(Beginning of EXERCISE INPUTS)

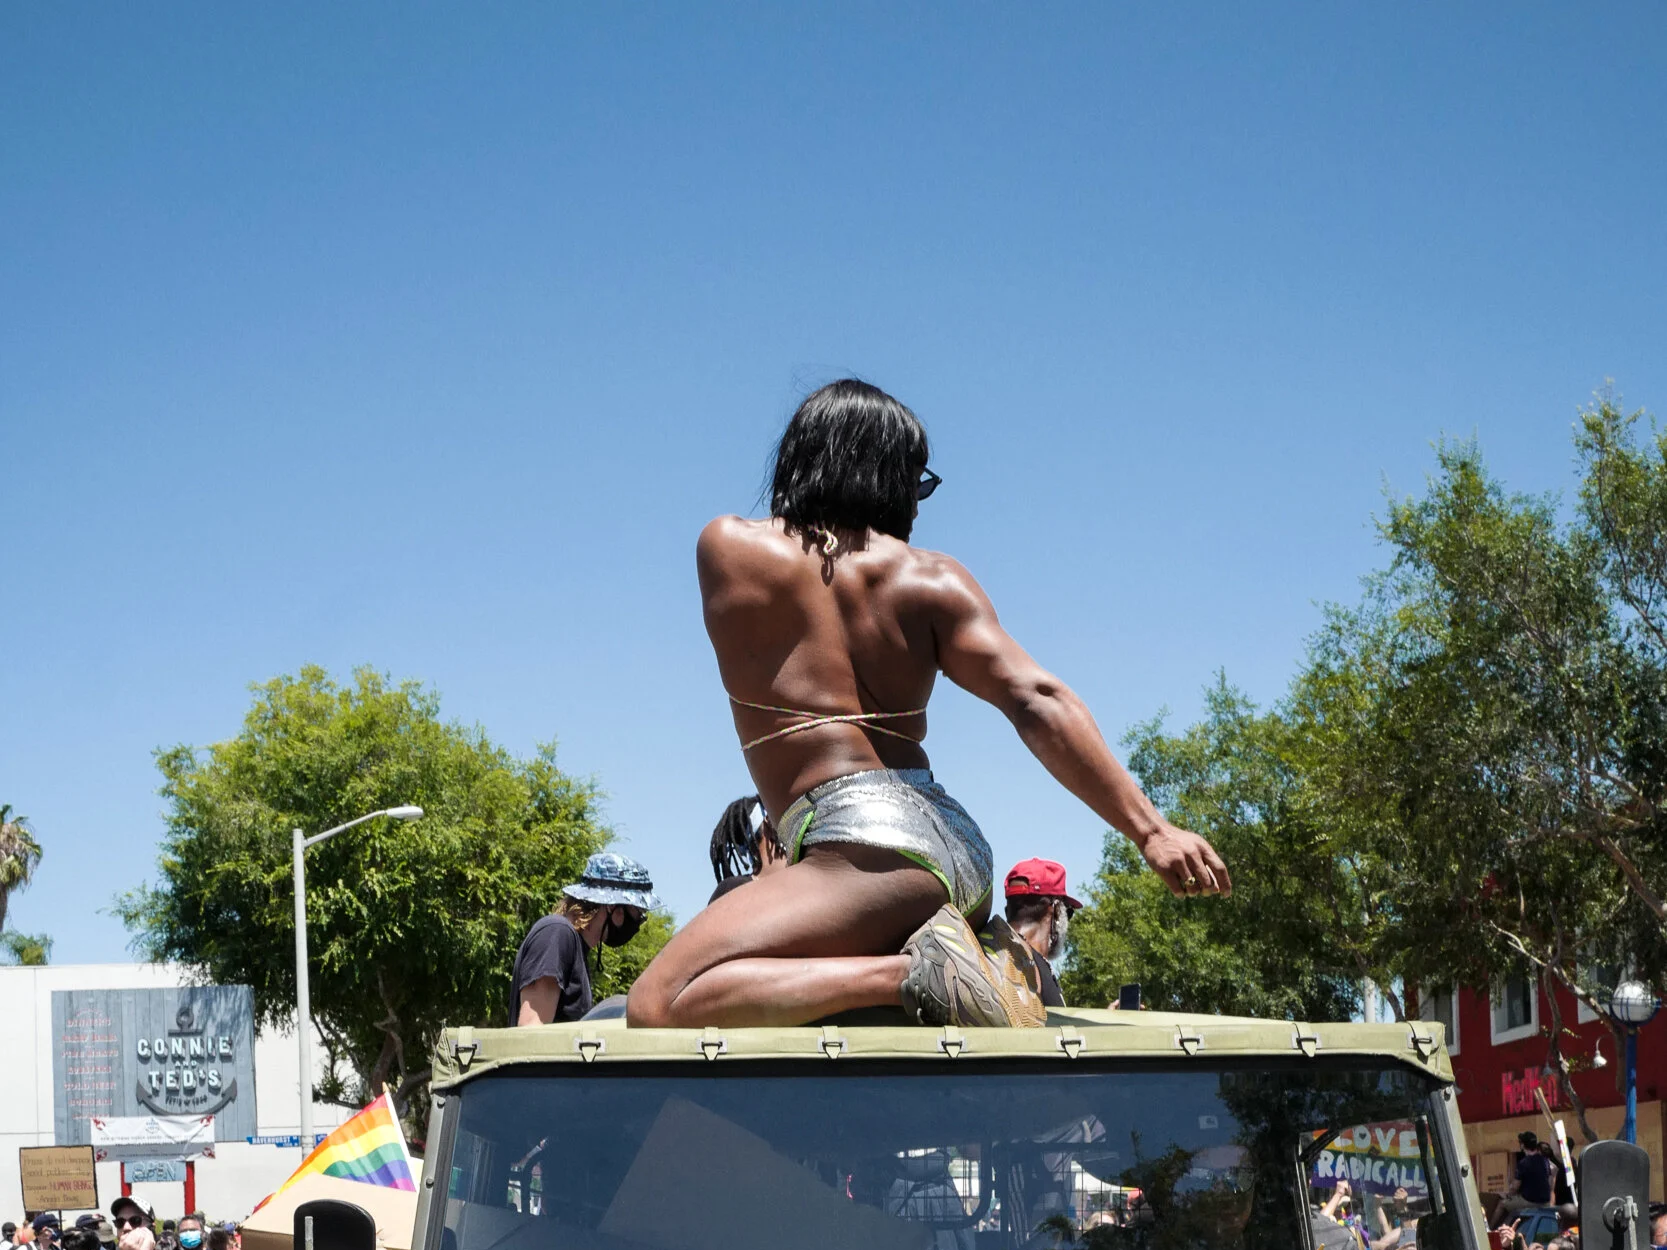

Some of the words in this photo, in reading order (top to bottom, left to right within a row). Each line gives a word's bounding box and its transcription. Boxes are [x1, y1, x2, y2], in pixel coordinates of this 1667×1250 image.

[136, 1035, 233, 1062] CONNIE
[174, 1060, 199, 1069] AND
[147, 1069, 222, 1096] TED'S
[131, 1161, 177, 1182] OPEN
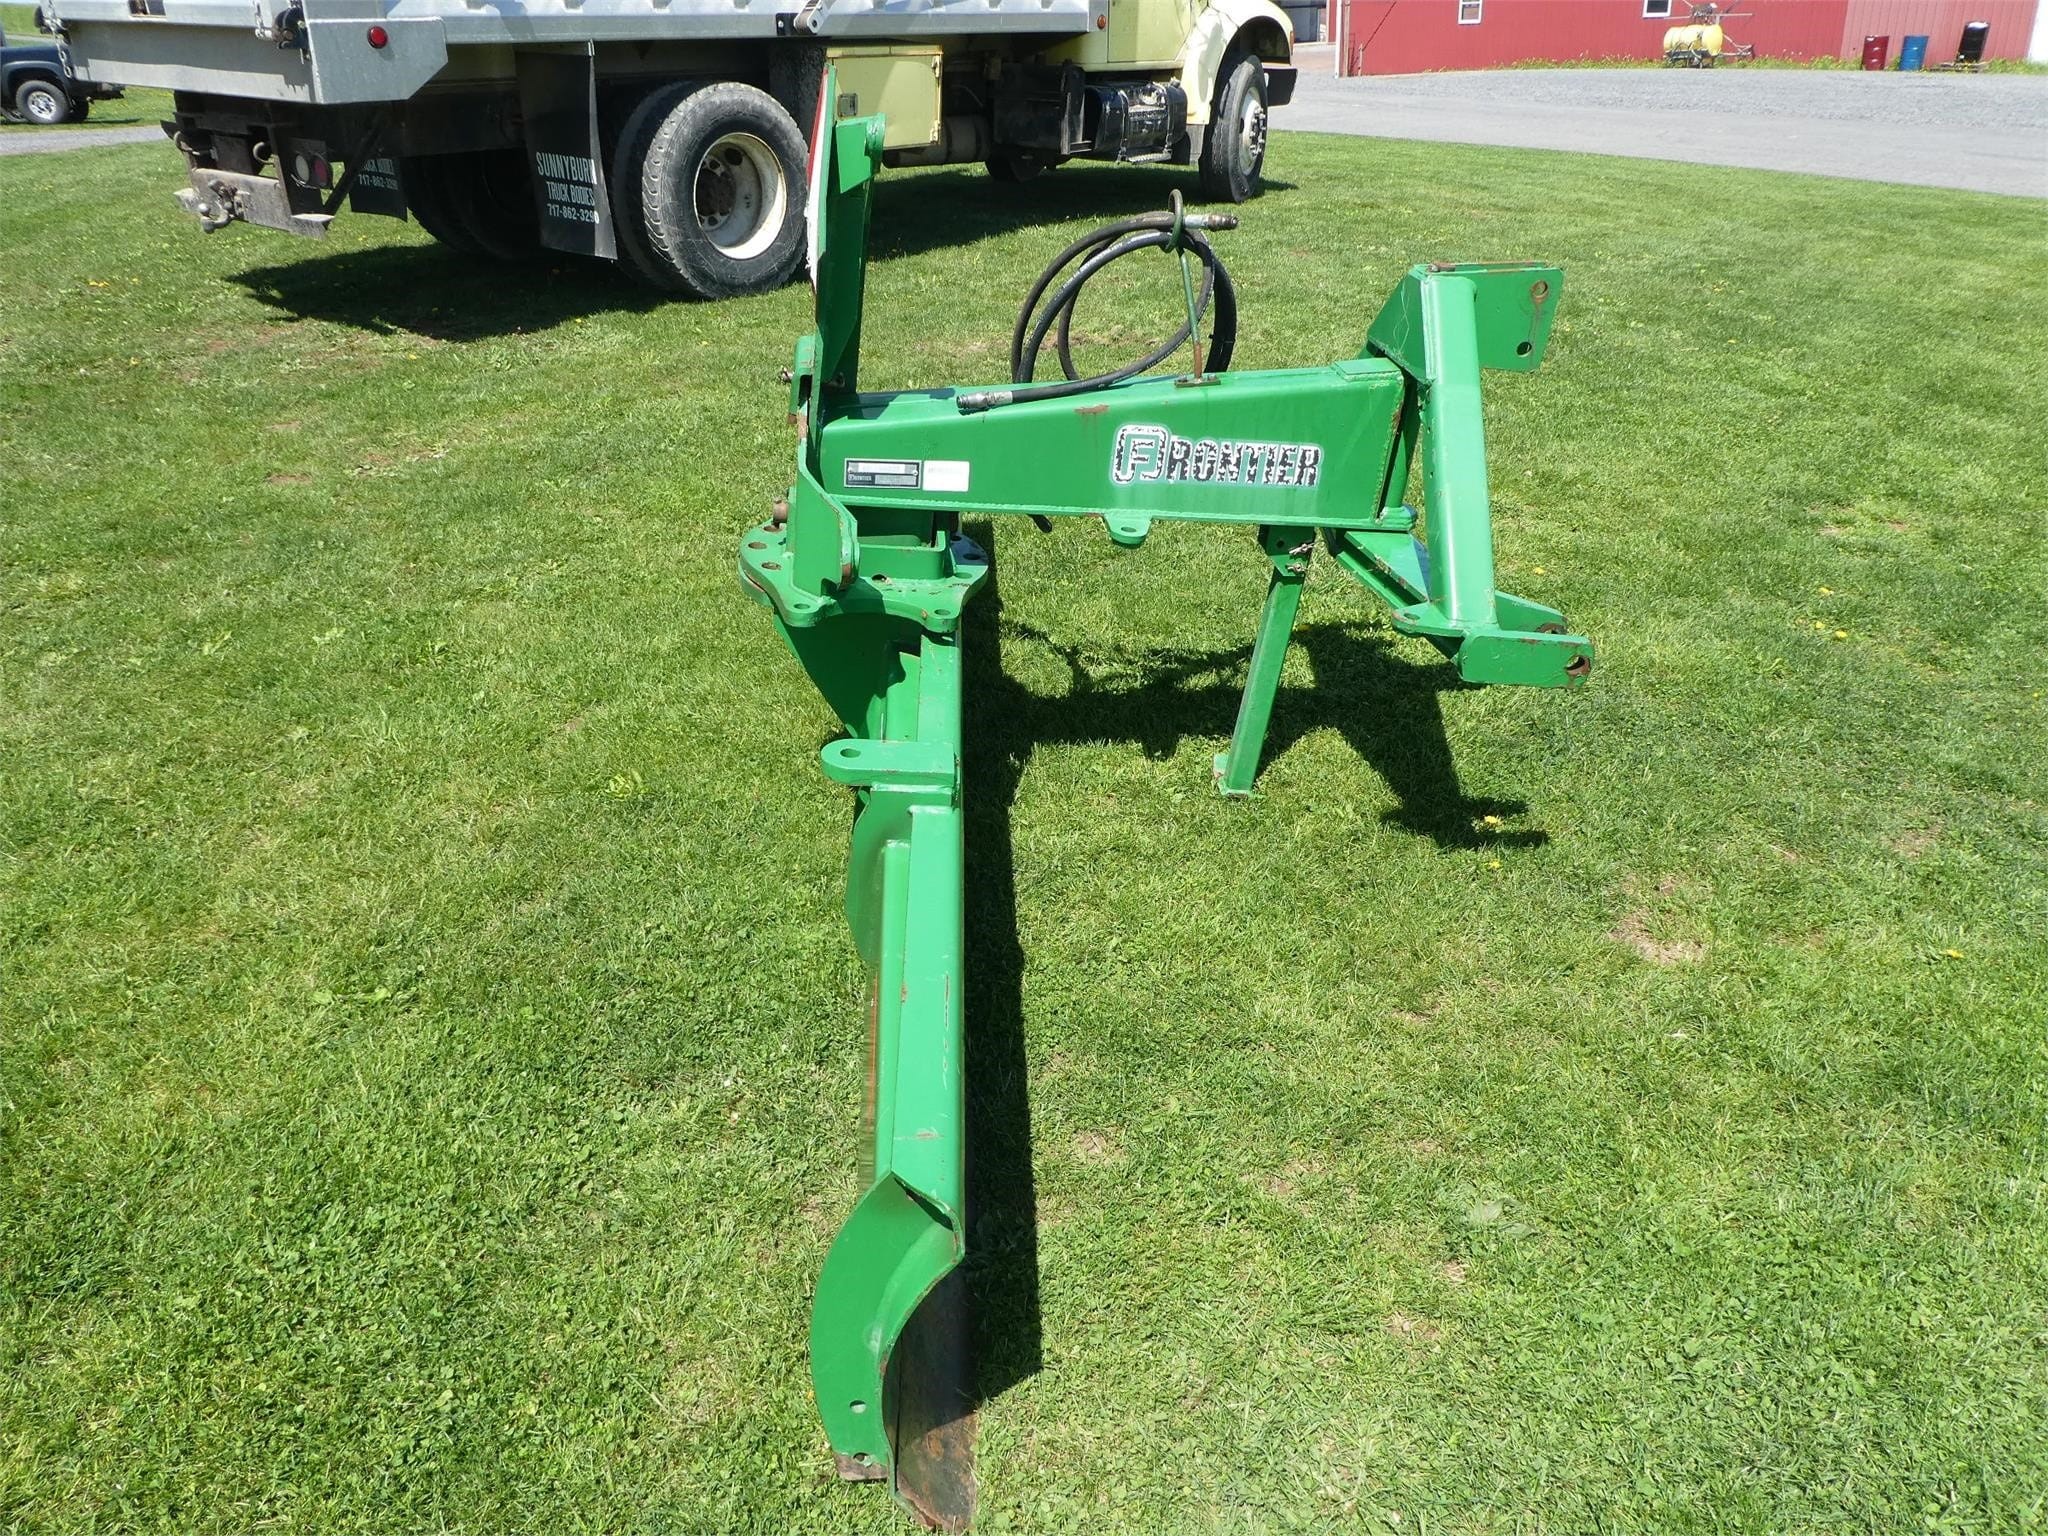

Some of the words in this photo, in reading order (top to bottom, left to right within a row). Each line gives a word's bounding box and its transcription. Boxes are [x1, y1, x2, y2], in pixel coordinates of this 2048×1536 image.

[536, 151, 597, 184] SUNNYBURN
[546, 181, 570, 203] TRUCK
[570, 184, 595, 206] BODIES
[546, 203, 600, 224] 717-862-3290
[1111, 424, 1324, 486] FRONTIER

(End of EXERCISE INPUTS)

WHAT THIS TASK INVOLVES -
Nothing in the records should be changed in the copy, but the pictures must be left out.

EXERCISE ANSWER -
Some of the words in this photo, in reading order (top to bottom, left to right within a row). Each line gives a word's bounding box and its transcription. Boxes are [x1, y1, x2, y2], in pixel coordinates of this 1667×1250 image.

[136, 1035, 233, 1062] CONNIE
[174, 1060, 199, 1069] AND
[147, 1069, 222, 1096] TED'S
[131, 1161, 177, 1182] OPEN

Some of the words in this photo, in reading order (top to bottom, left to right within a row). Each line gives a word's bounding box and its transcription. Boxes are [x1, y1, x2, y2], in pixel coordinates of this 2048×1536 image.

[536, 151, 597, 184] SUNNYBURN
[546, 181, 570, 203] TRUCK
[570, 184, 595, 206] BODIES
[546, 203, 600, 224] 717-862-3290
[1111, 424, 1324, 486] FRONTIER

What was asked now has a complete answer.